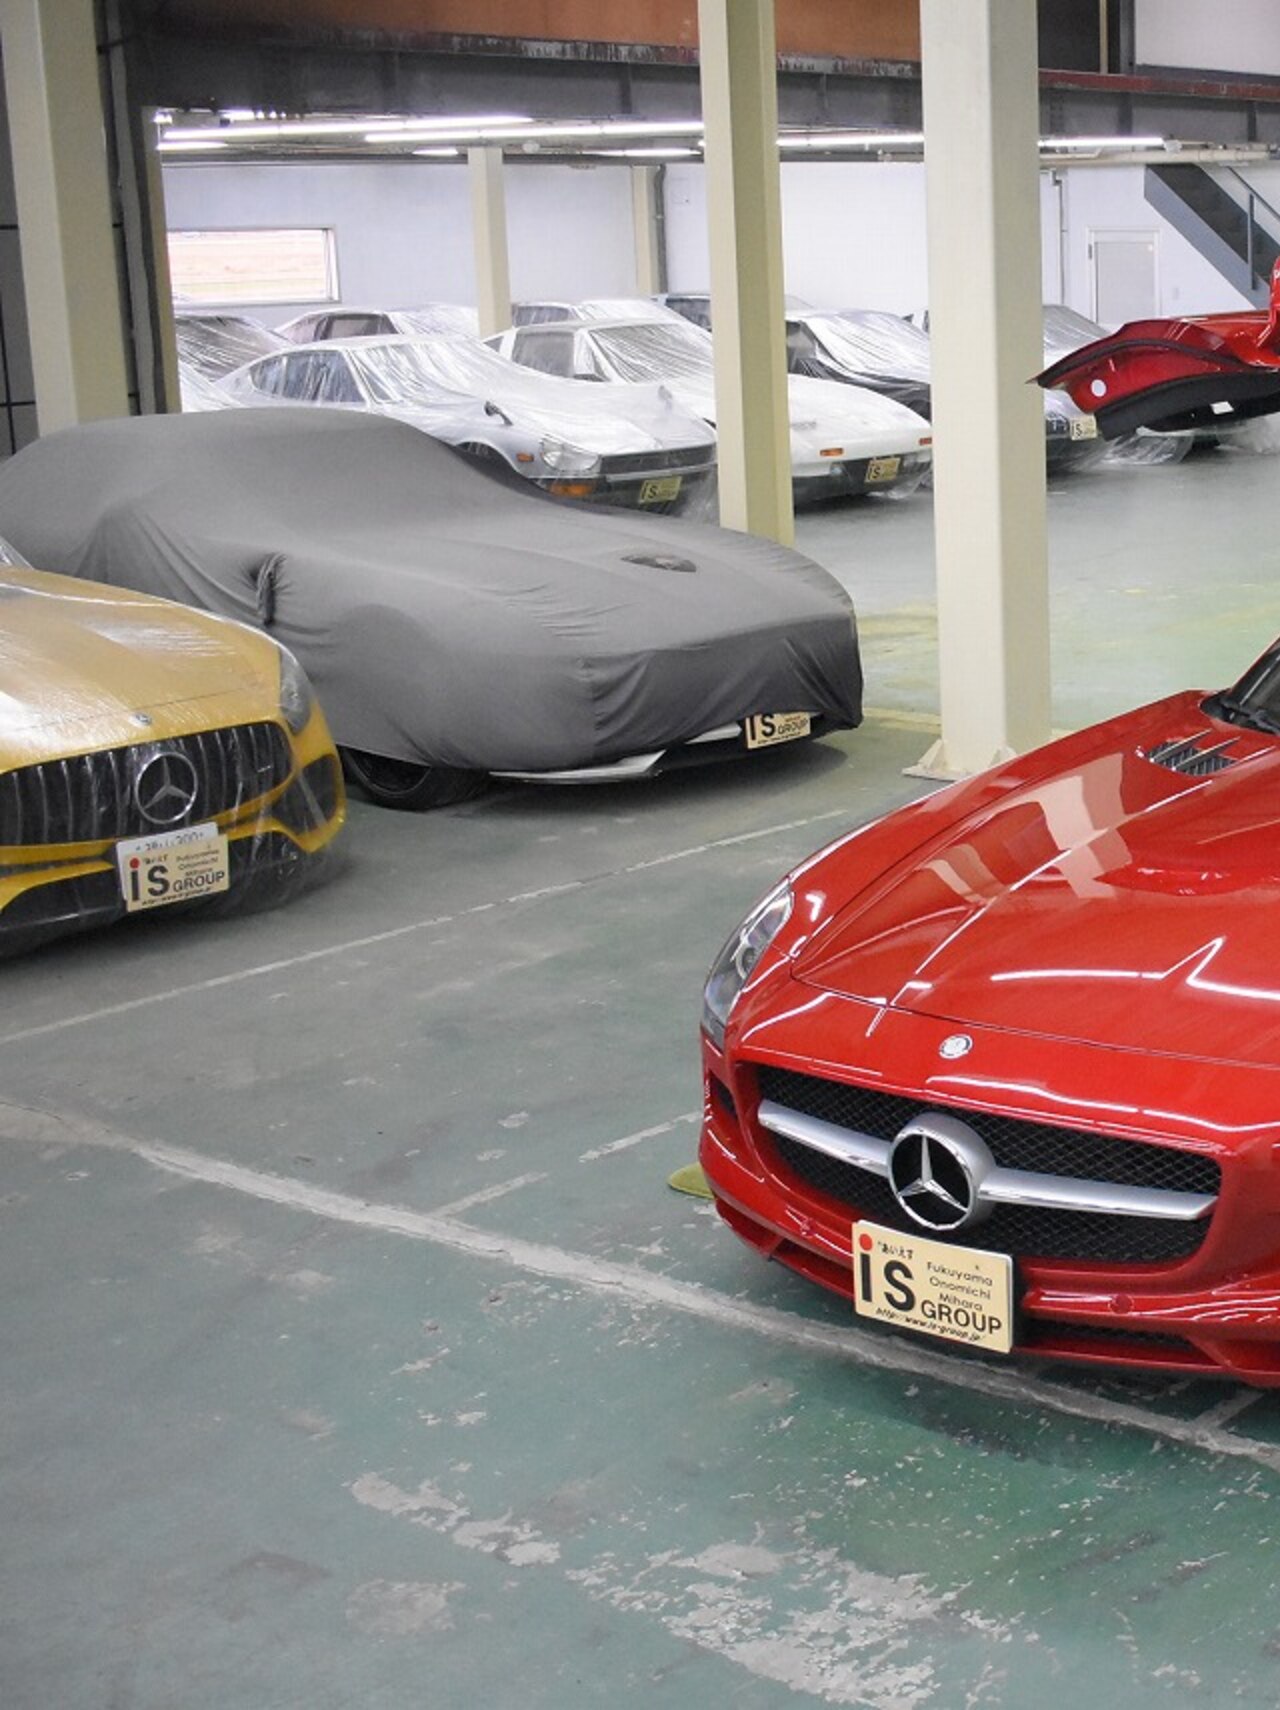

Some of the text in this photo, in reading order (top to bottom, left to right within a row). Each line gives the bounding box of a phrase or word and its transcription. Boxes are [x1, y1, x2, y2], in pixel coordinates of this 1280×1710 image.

[172, 870, 225, 893] GROUP
[926, 1261, 993, 1287] Fukuyama
[929, 1276, 991, 1300] Onomichi
[939, 1292, 983, 1312] Mihara
[921, 1299, 1002, 1335] GROUP
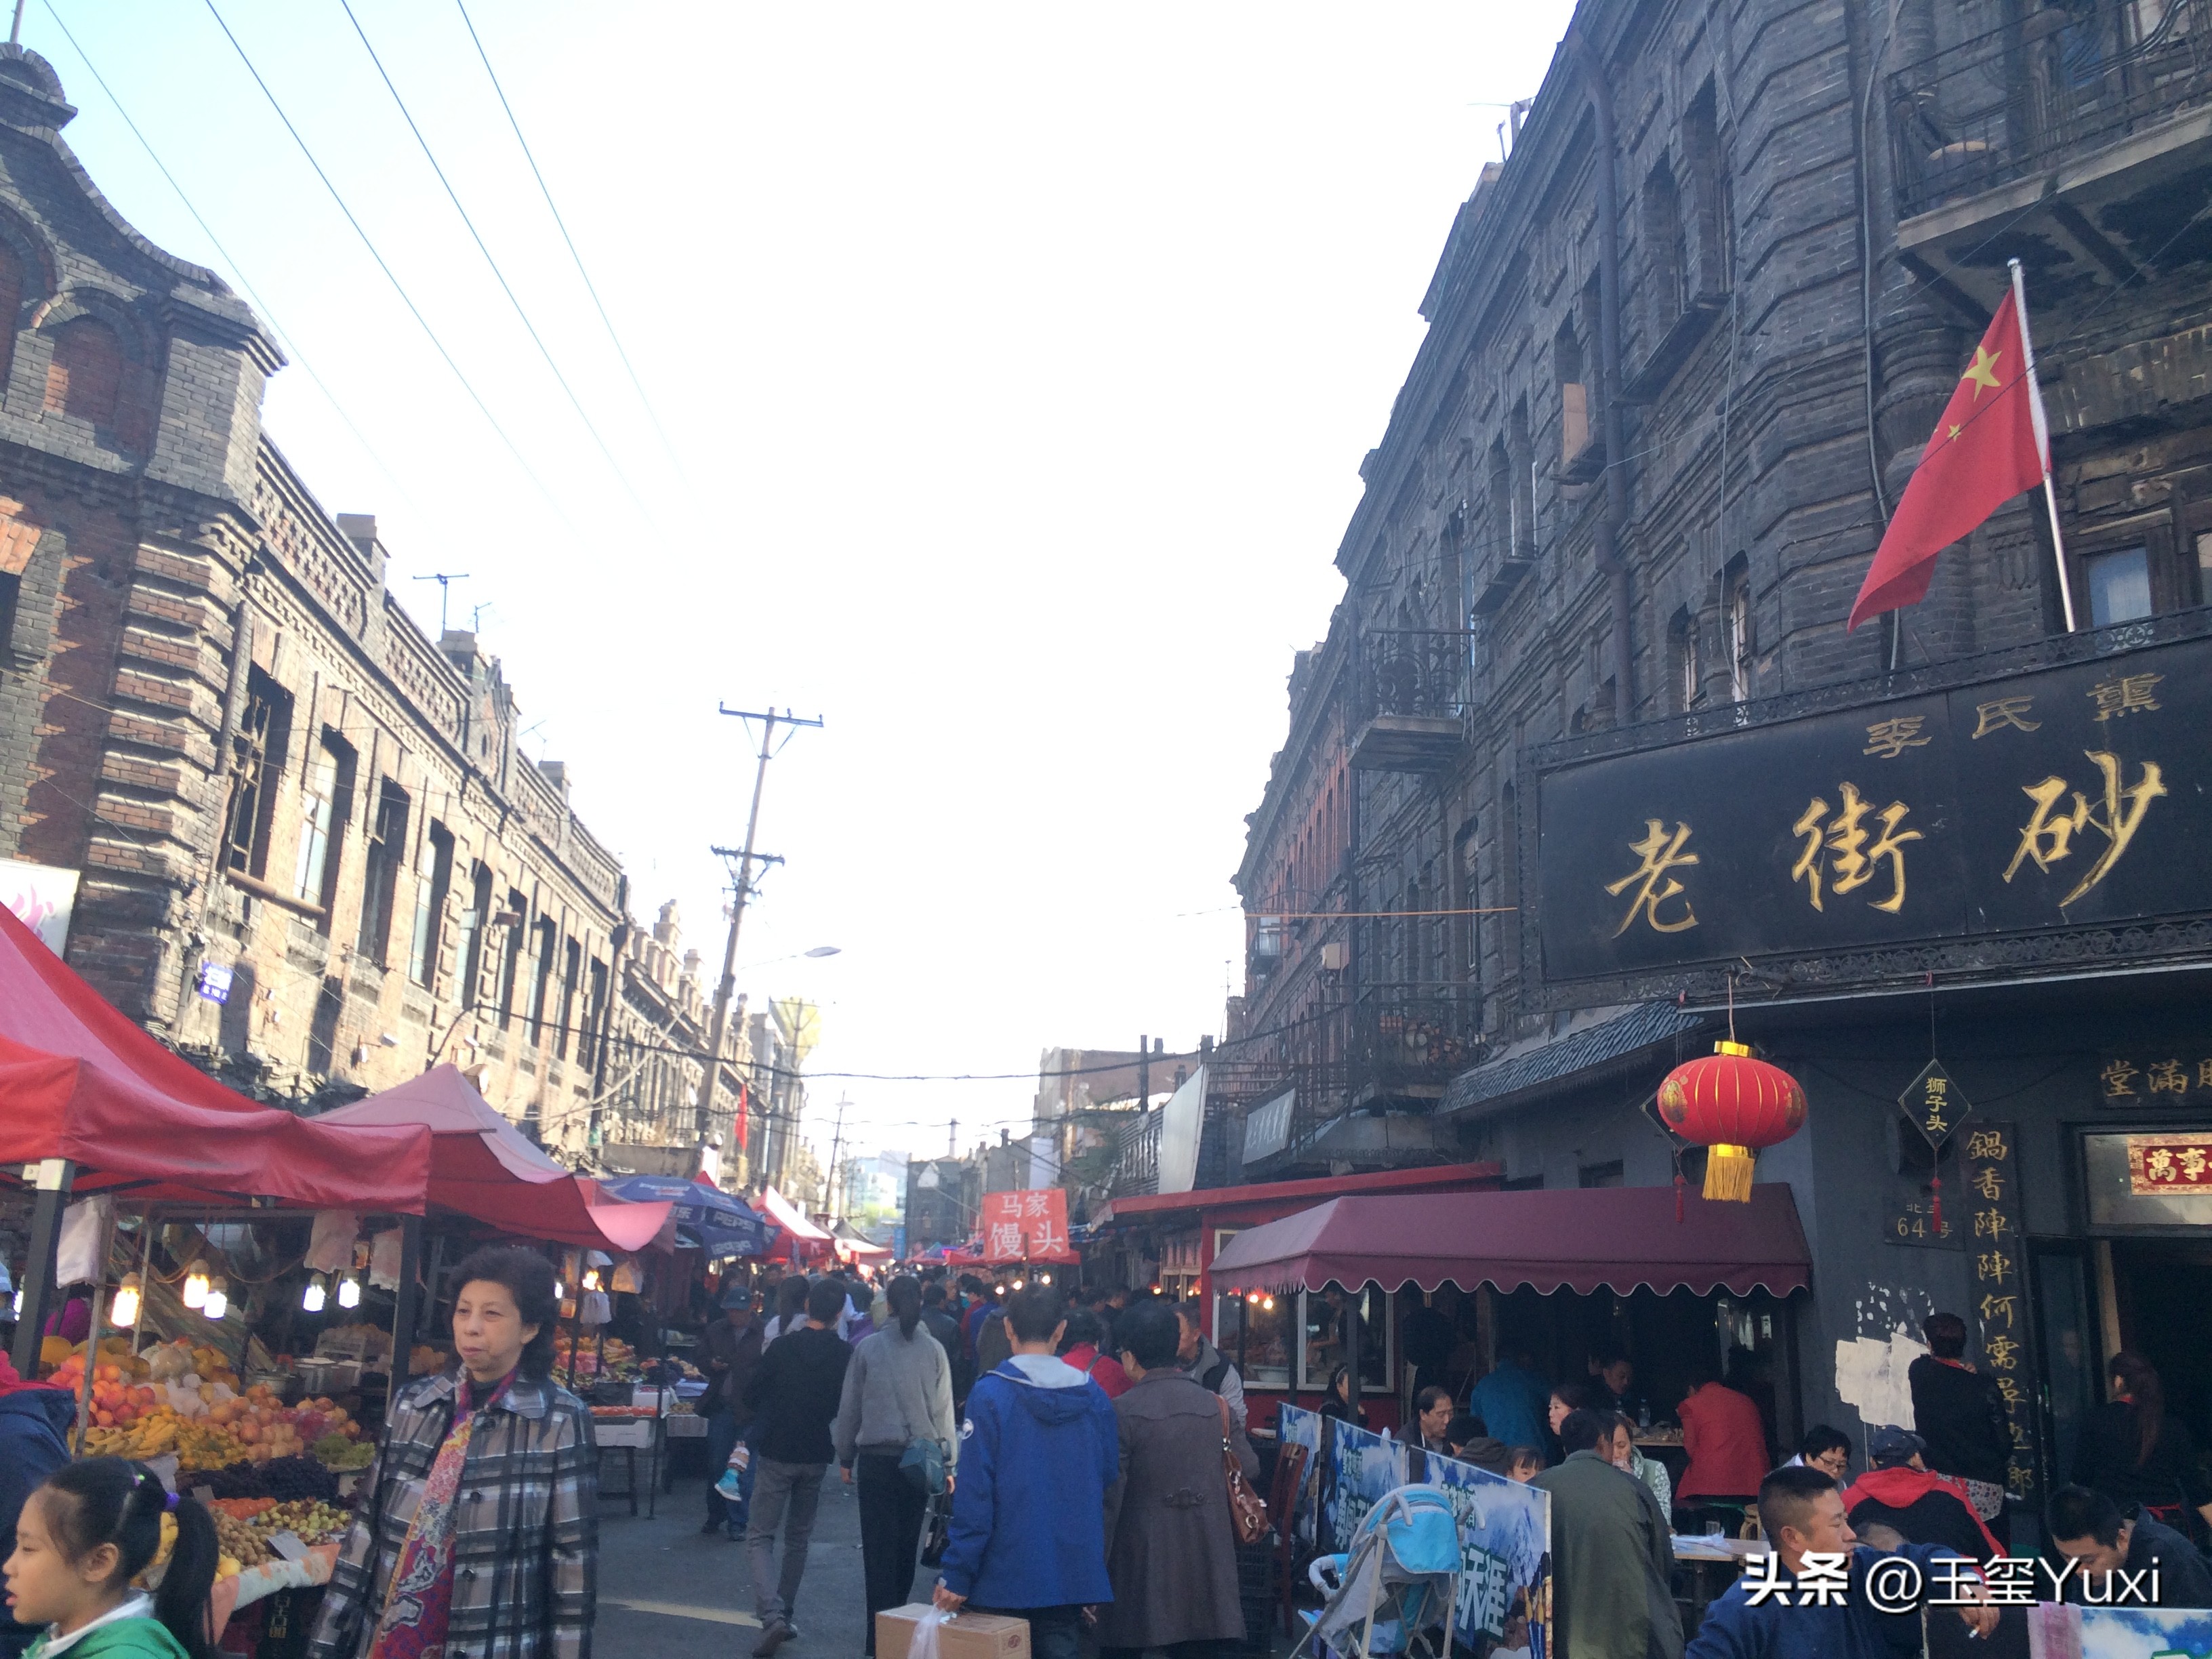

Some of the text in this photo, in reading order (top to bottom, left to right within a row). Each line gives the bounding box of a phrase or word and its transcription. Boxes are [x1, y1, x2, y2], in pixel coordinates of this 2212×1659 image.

[1605, 750, 2167, 939] 老街砂
[1925, 1077, 1948, 1132] 狮子头
[2146, 1147, 2212, 1182] 萬事
[1001, 1192, 1050, 1218] 马家
[990, 1220, 1063, 1258] 馒头

#### Aim of the exercise
A faithful, complete copy of the records above is required, one that contains no pictures.

#### Response below
Some of the text in this photo, in reading order (top to bottom, left to right within a row). Each line gives the bounding box of a phrase or word and its transcription. Boxes are [x1, y1, x2, y2], in pixel coordinates of this 1280×1710 image.

[172, 870, 225, 893] GROUP
[926, 1261, 993, 1287] Fukuyama
[929, 1276, 991, 1300] Onomichi
[939, 1292, 983, 1312] Mihara
[921, 1299, 1002, 1335] GROUP

Some of the text in this photo, in reading order (top to bottom, left to right within a row). Each line gives the bounding box of a phrase or word and its transcription. Boxes are [x1, y1, x2, y2], in pixel coordinates of this 2212×1659 image.

[1605, 750, 2167, 939] 老街砂
[1925, 1077, 1948, 1132] 狮子头
[2146, 1147, 2212, 1182] 萬事
[1001, 1192, 1050, 1218] 马家
[990, 1220, 1063, 1258] 馒头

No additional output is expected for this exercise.